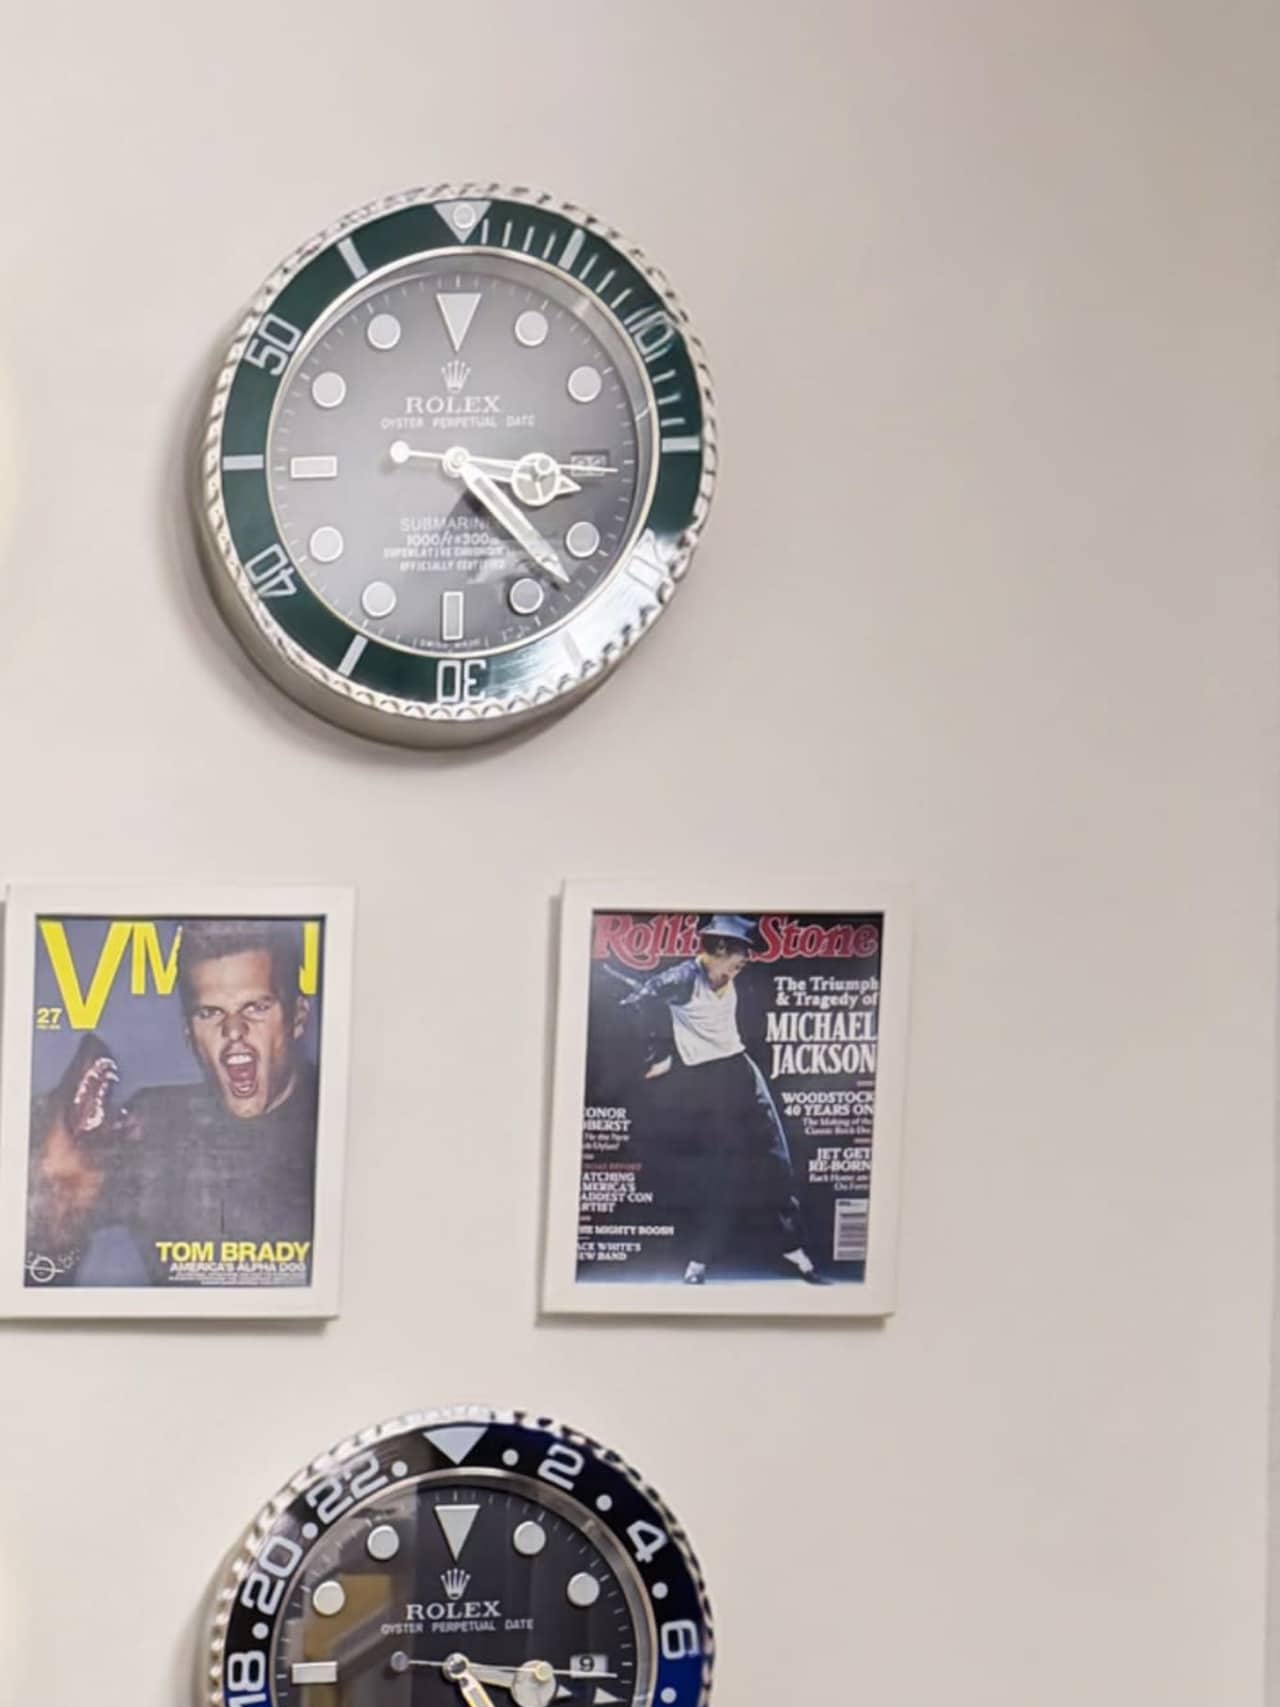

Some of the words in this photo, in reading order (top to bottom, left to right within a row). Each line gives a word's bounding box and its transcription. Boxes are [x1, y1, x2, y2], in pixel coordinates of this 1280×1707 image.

[245, 314, 301, 376] 50
[405, 396, 501, 414] ROLEX
[506, 415, 536, 427] DATE
[245, 544, 296, 596] 40
[593, 914, 702, 971] Rolli
[752, 915, 879, 963] Stone
[774, 977, 806, 991] The
[810, 977, 880, 995] Triumph
[794, 993, 858, 1009] Tragedy
[37, 1009, 62, 1024] 27
[766, 1012, 878, 1042] MICHAEL
[770, 1044, 875, 1079] JACKSON
[782, 1092, 873, 1104] WOODSTOCK
[805, 1105, 850, 1116] YEARS
[156, 1242, 214, 1262] TOM
[221, 1242, 311, 1262] BRADY
[306, 1451, 386, 1524] 22
[242, 1536, 301, 1615] 20
[407, 1602, 501, 1620] ROLEX
[432, 1621, 496, 1632] PERPETUAL
[505, 1619, 533, 1630] DATE
[580, 1656, 594, 1671] 9

⁂

* Exercise prompt
Each record must be quoted in full and exactly. Do not include the pictures.

* Exercise answer
Some of the words in this photo, in reading order (top to bottom, left to right within a row). Each line gives a word's bounding box and its transcription. Boxes are [x1, y1, x2, y2], in pixel coordinates of this 1280×1707 image.

[245, 314, 301, 376] 50
[405, 396, 501, 414] ROLEX
[506, 415, 536, 427] DATE
[245, 544, 296, 596] 40
[593, 914, 702, 971] Rolli
[752, 915, 879, 963] Stone
[774, 977, 806, 991] The
[810, 977, 880, 995] Triumph
[794, 993, 858, 1009] Tragedy
[37, 1009, 62, 1024] 27
[766, 1012, 878, 1042] MICHAEL
[770, 1044, 875, 1079] JACKSON
[782, 1092, 873, 1104] WOODSTOCK
[805, 1105, 850, 1116] YEARS
[156, 1242, 214, 1262] TOM
[221, 1242, 311, 1262] BRADY
[306, 1451, 386, 1524] 22
[242, 1536, 301, 1615] 20
[407, 1602, 501, 1620] ROLEX
[432, 1621, 496, 1632] PERPETUAL
[505, 1619, 533, 1630] DATE
[580, 1656, 594, 1671] 9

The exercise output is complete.